Les Français et l’activité physique et sportive
Les Français sont-ils sportifs et si oui, comment pratiquent-ils le sport ? Les données produites par les différents sondages et enquêtes réalisés depuis les années 1980 convergent vers le constat d’une importance accrue des pratiques sportives et physiques dans les loisirs des Français.
Patrick Mignon est sociologue. Il a été responsable du laboratoire de sociologie de l’INSEP (Institut National du Sport, de l’Expertise et de la Performance) de 1998 à 2015 où il a animé la réalisation des différentes enquêtes sur les pratiques sportives et les recherches sur la sociologie de la performance et le travail sportif. Il a également été chargé de cours à l’Ecole des Hautes Etudes en Sciences Sociales (2005-2012) où il a animé un séminaire sur ces mêmes thèmes. Parallèlement, il a poursuivi ses recherches sur le spectacle sportif, notamment sur le supportérisme. Il a participé aux expertises de l’INSERM sur le cannabis et sur les activités physiques et la santé. Il est l’auteur de La Passion du football, paru chez Odile Jacob, en 1998, de Le dopage : état des lieux sociologique, Cahiers du CESAMES, 2002 et Les Pratiques sportives en France, (avec Guy Truchot), Editions INSEP, 2002.

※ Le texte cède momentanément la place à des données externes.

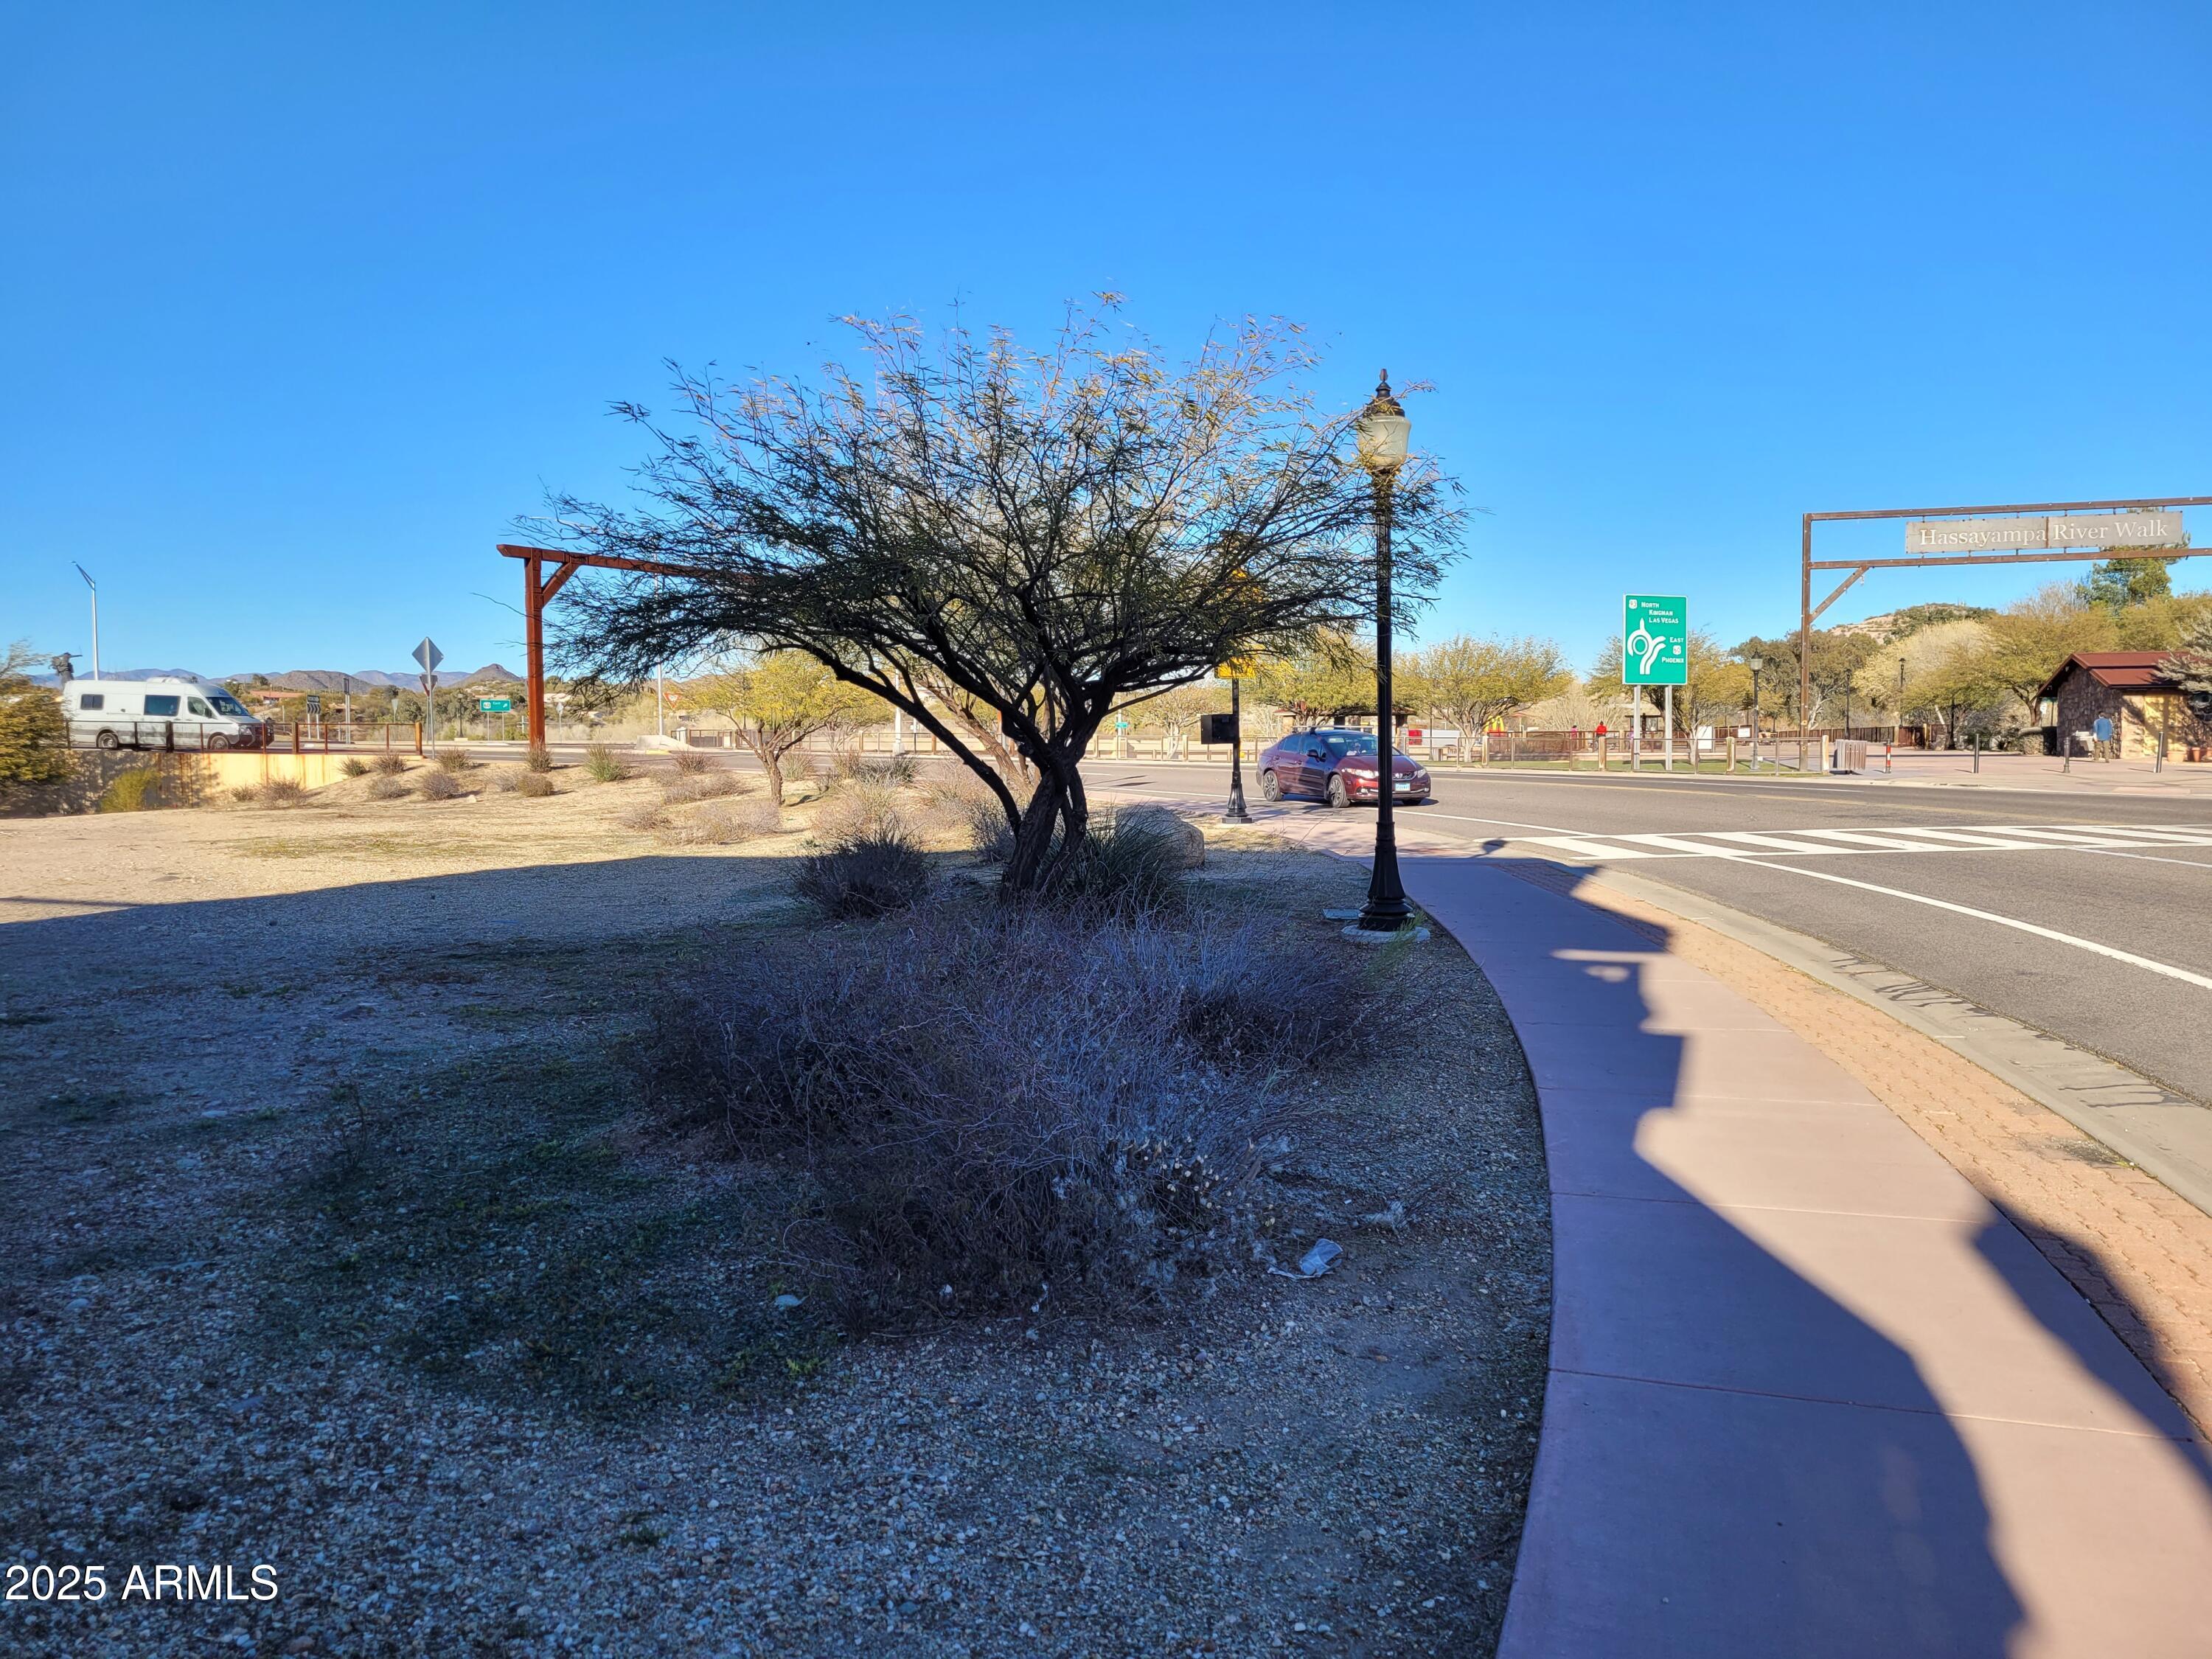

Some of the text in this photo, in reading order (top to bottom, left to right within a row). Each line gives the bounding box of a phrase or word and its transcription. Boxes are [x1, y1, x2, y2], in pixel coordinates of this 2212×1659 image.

[1920, 519, 2168, 547] Hassayampa River Walk

Les Français sont-ils sportifs et si oui, comment pratiquent-ils le sport ? Les données produites par les différents sondages et enquêtes réalisés depuis les années 1980 convergent vers le constat d’une importance accrue des pratiques sportives et physiques dans les loisirs des Français. Il n’en reste pas moins que le niveau d’activité paraît encore éloigné de ce qu’il devrait pour être réellement bénéfique pour la santé.
Population sportive ou population physiquement active ?
Il existe plusieurs manières de mesurer le niveau de pratique physique et sportive d’une population.
- On peut partir des définitions institutionnelles du sport selon lesquelles les seuls sportifs sont les licenciés appartenant à un club.
- Ou bien on veut évaluer ce qui fait la nouveauté du fait sportif depuis les années 1970, au-delà des licenciés, la diversité des activités et le nombre d’individus qui jouent régulièrement au football, courent les bois et les parcs, s’exténuent physiquement dans les salles de fitness, parcourent les sentiers de grande randonnée, utilisent le vélo pour aller travailler ou montent volontairement à pied les escaliers, sans licence, sans participer à des compétitions.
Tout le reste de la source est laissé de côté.